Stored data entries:
******************************
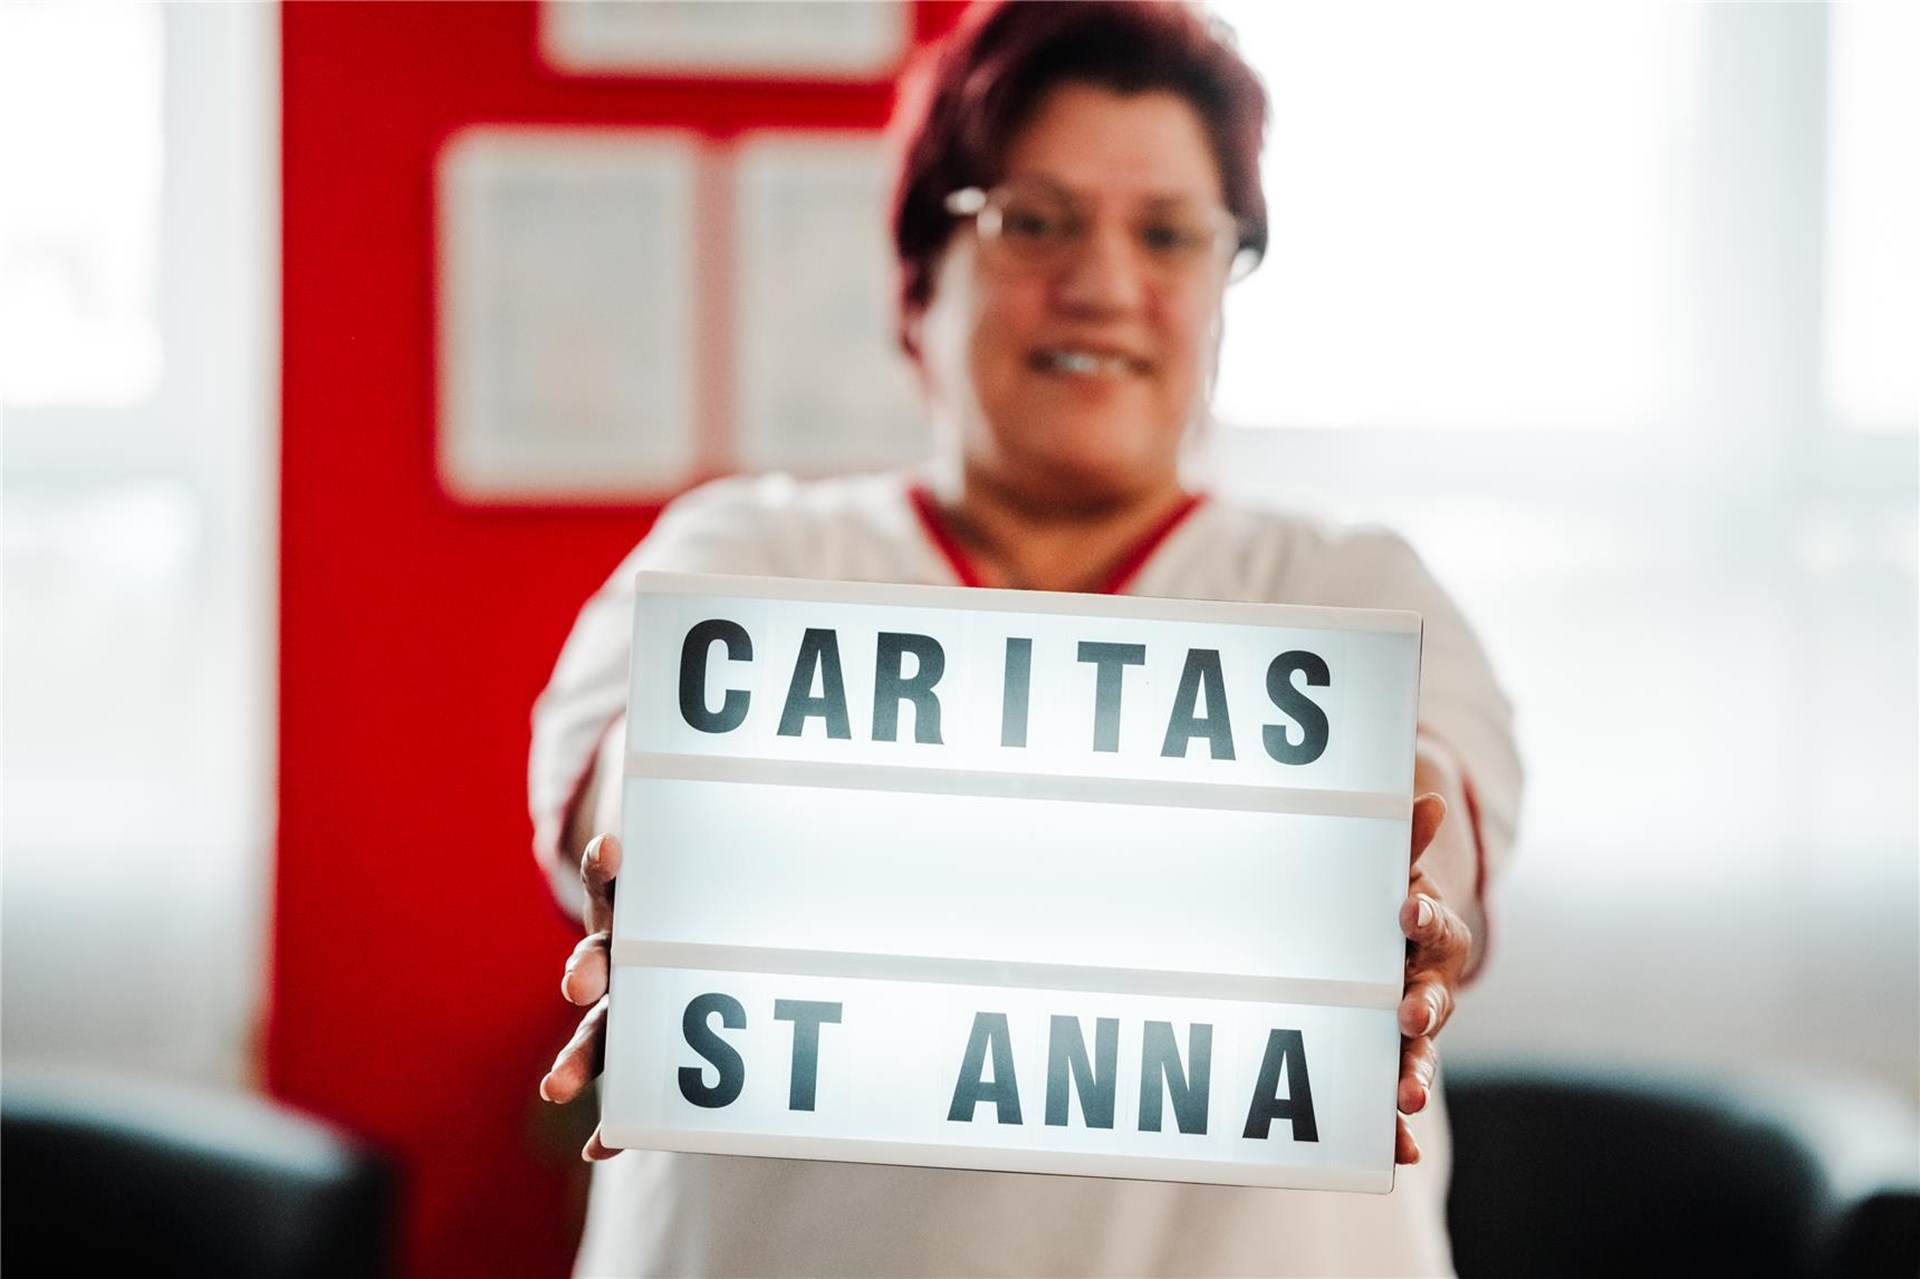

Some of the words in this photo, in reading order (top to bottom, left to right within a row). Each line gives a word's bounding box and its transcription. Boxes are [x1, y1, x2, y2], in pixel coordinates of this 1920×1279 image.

[678, 618, 1331, 766] CARITAS
[677, 993, 843, 1112] ST
[947, 1012, 1320, 1143] ANNA
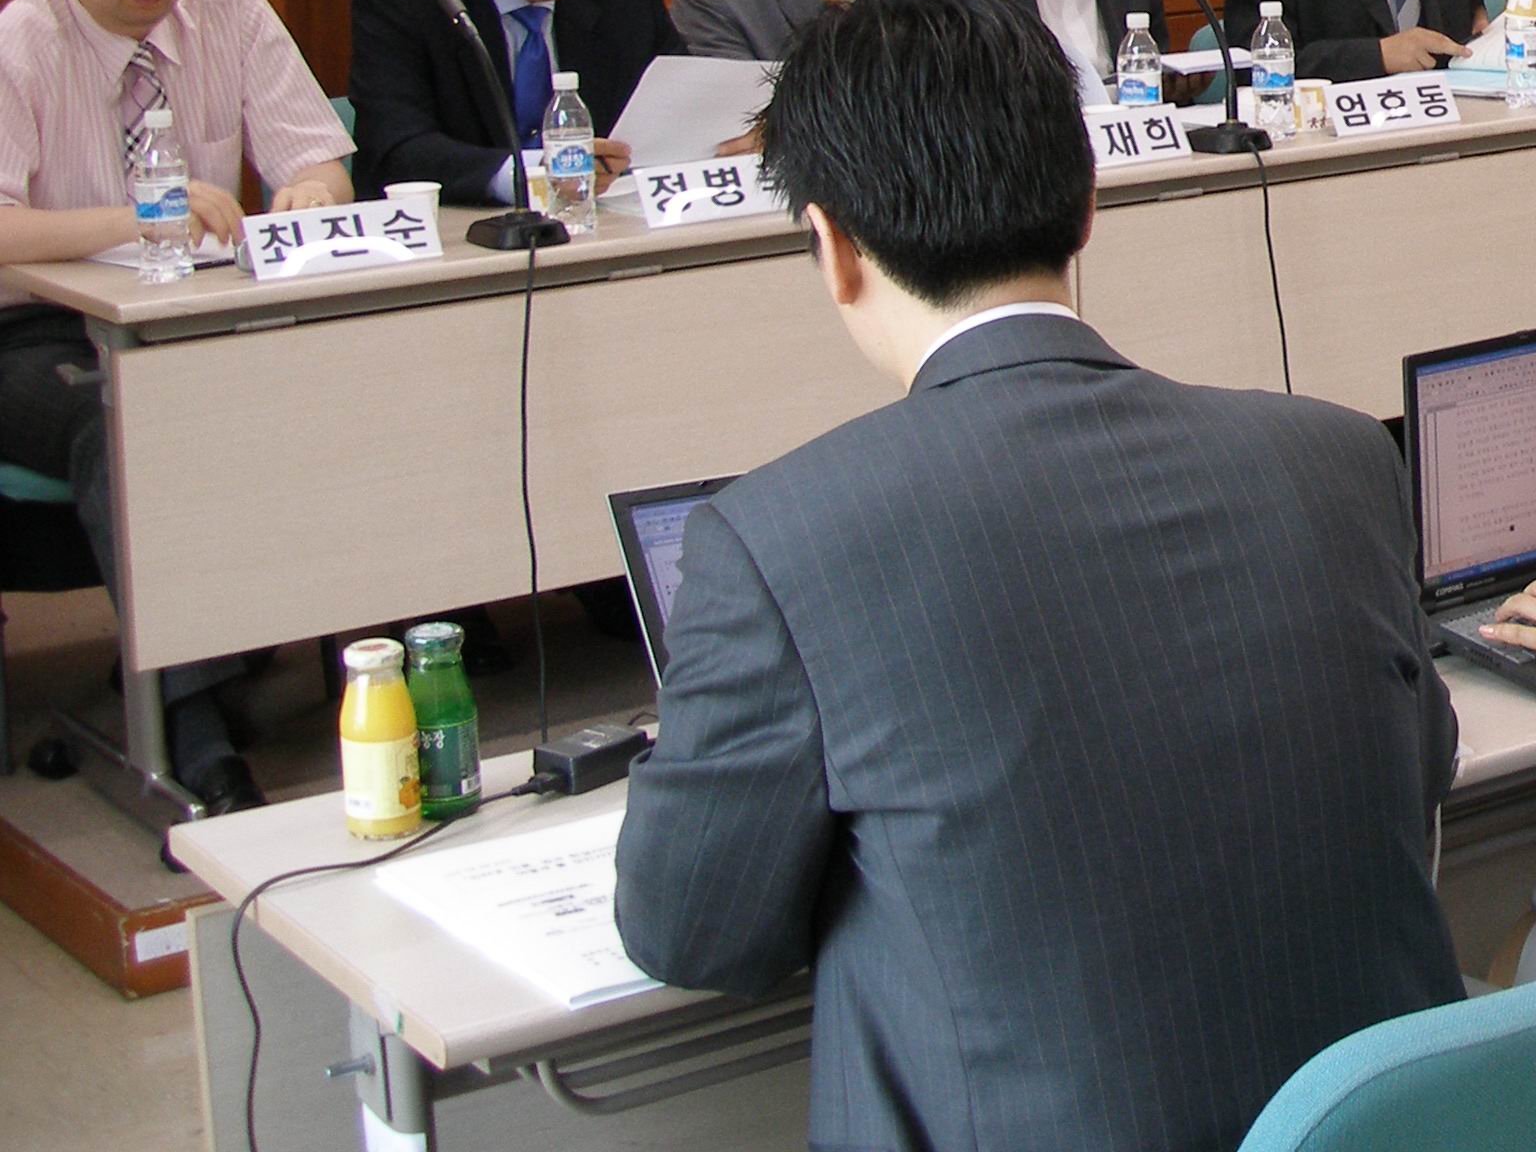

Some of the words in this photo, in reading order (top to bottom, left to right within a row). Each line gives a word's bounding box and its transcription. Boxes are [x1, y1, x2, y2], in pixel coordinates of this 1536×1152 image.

[1100, 116, 1181, 157] 재희
[648, 164, 775, 213] 정병
[259, 209, 428, 264] 최진순
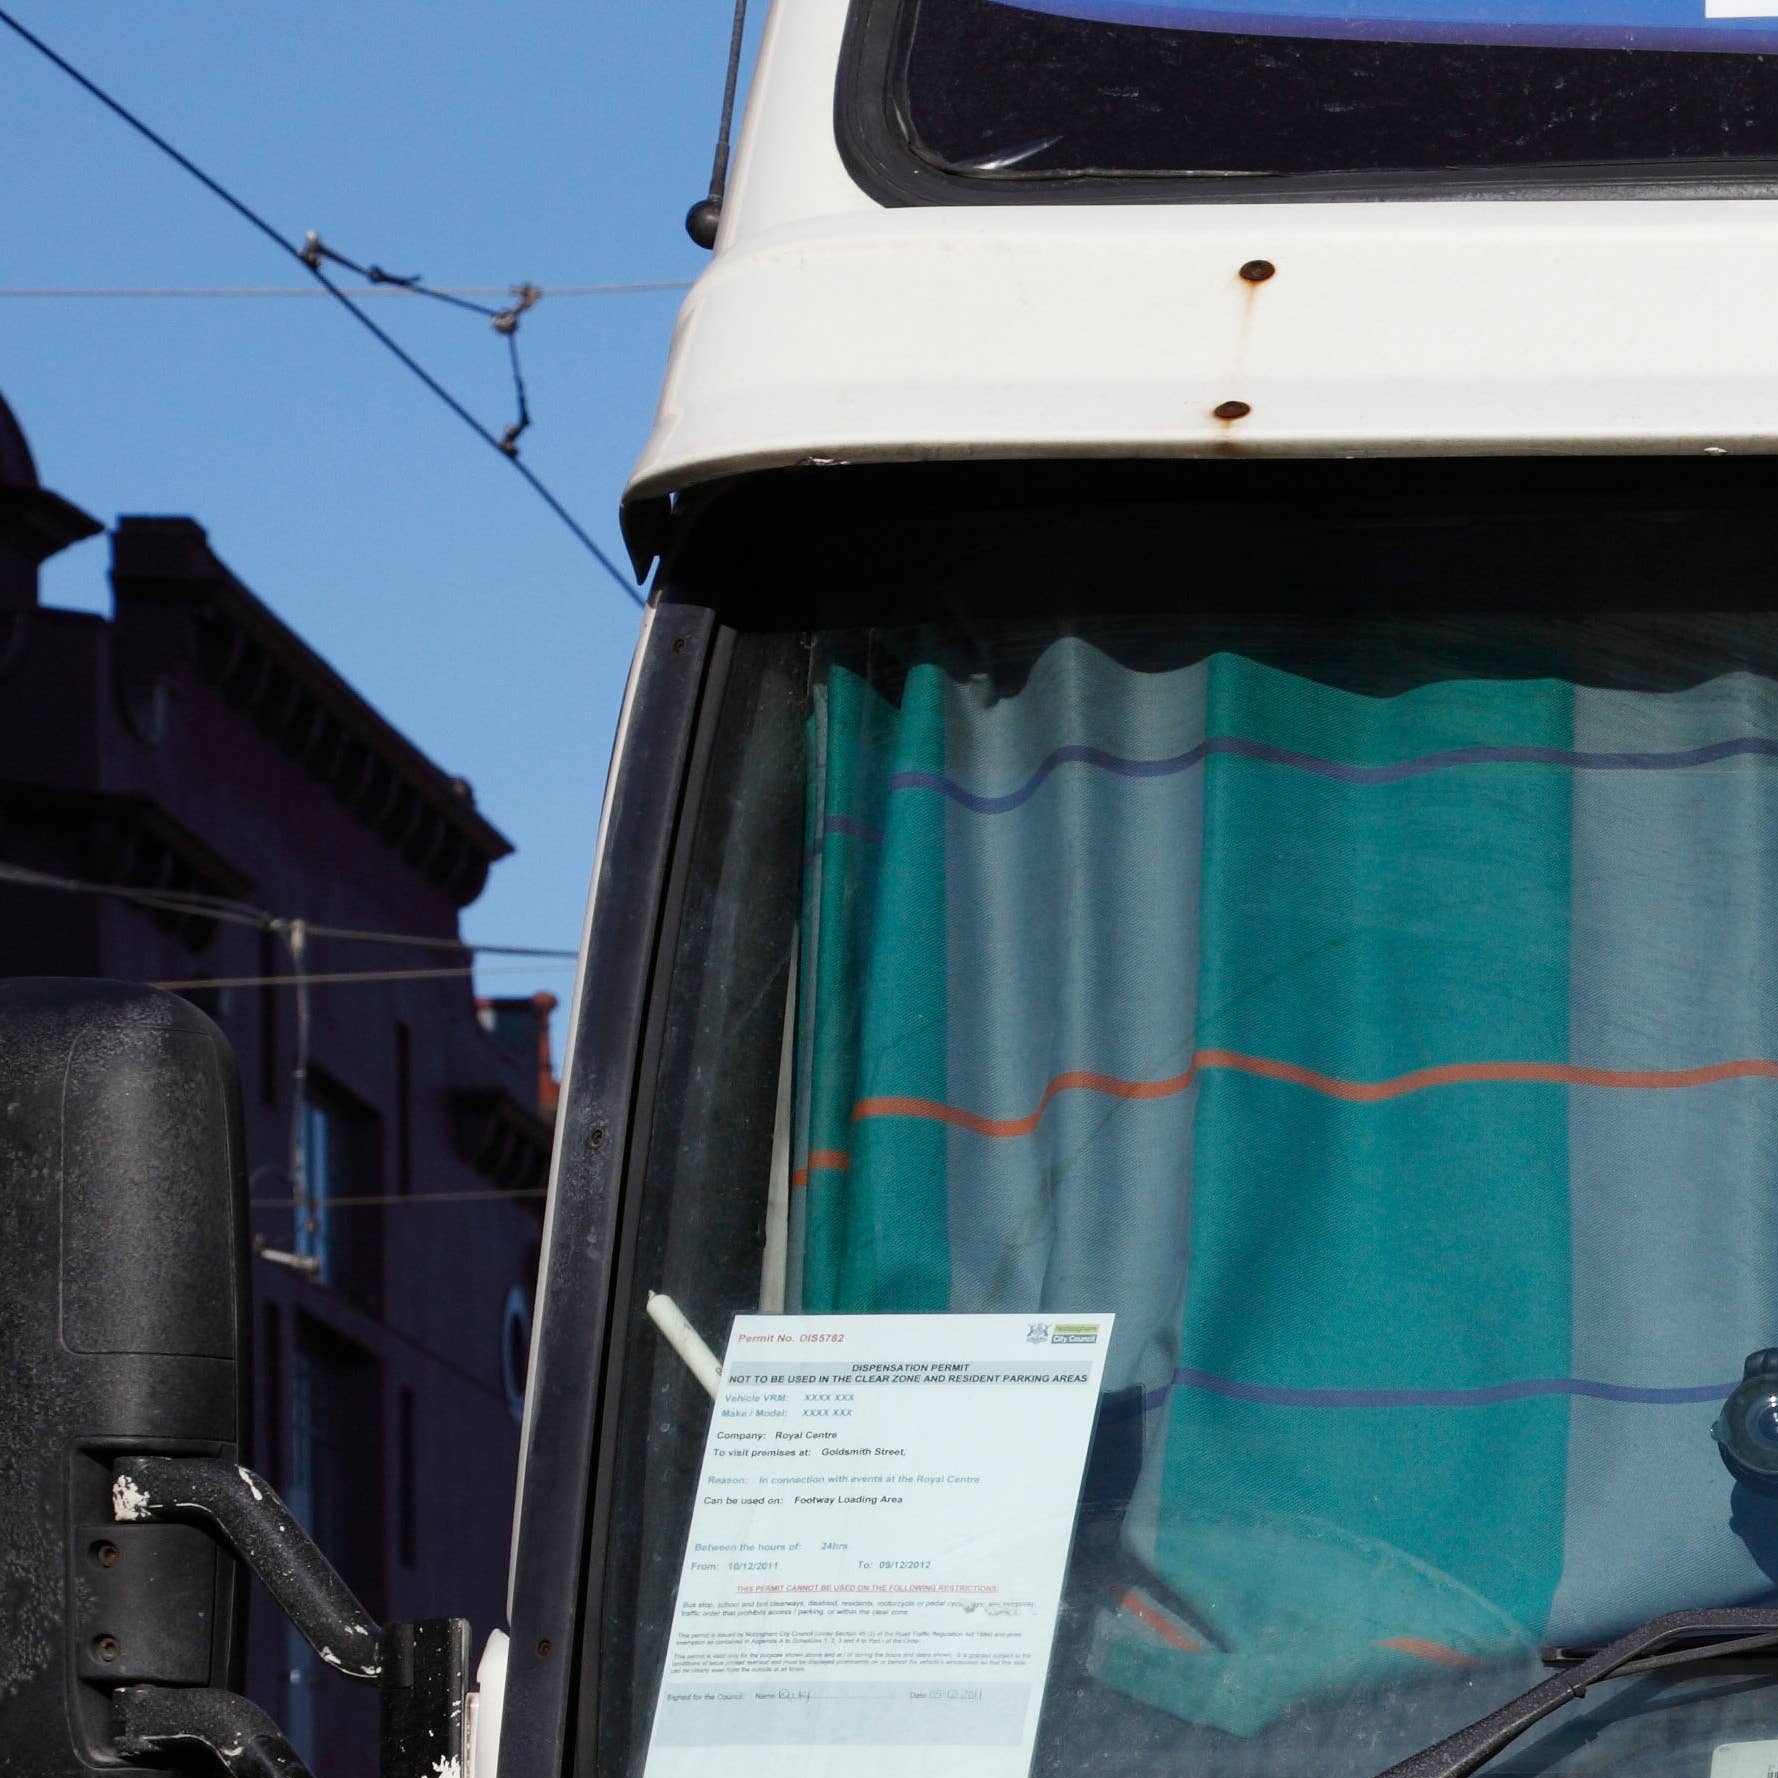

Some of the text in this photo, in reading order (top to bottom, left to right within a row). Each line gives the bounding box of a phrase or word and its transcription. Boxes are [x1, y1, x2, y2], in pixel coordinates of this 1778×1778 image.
******************************
> [Try it]: Copy every record character for character. Skip the pictures.

> [Exercise output]:
Some of the words in this photo, in reading order (top to bottom, left to right within a row). Each line gives a word's bounding box and its transcription. Boxes are [x1, y1, x2, y2], in pixel coordinates of this 1920×1279 image.

[678, 618, 1331, 766] CARITAS
[677, 993, 843, 1112] ST
[947, 1012, 1320, 1143] ANNA

Some of the words in this photo, in reading order (top to bottom, left to right within a row). Each line gives a word's bounding box and its transcription. Boxes are [x1, y1, x2, y2], in pixel coordinates of this 1536×1152 image.

[1100, 116, 1181, 157] 재희
[648, 164, 775, 213] 정병
[259, 209, 428, 264] 최진순

Some of the text in this photo, in reading order (top to bottom, left to right within a row). Each line gives the bounding box of a phrase or word and its transcription. Boxes are [x1, y1, x2, y2], in pixel coordinates of this 1778×1778 image.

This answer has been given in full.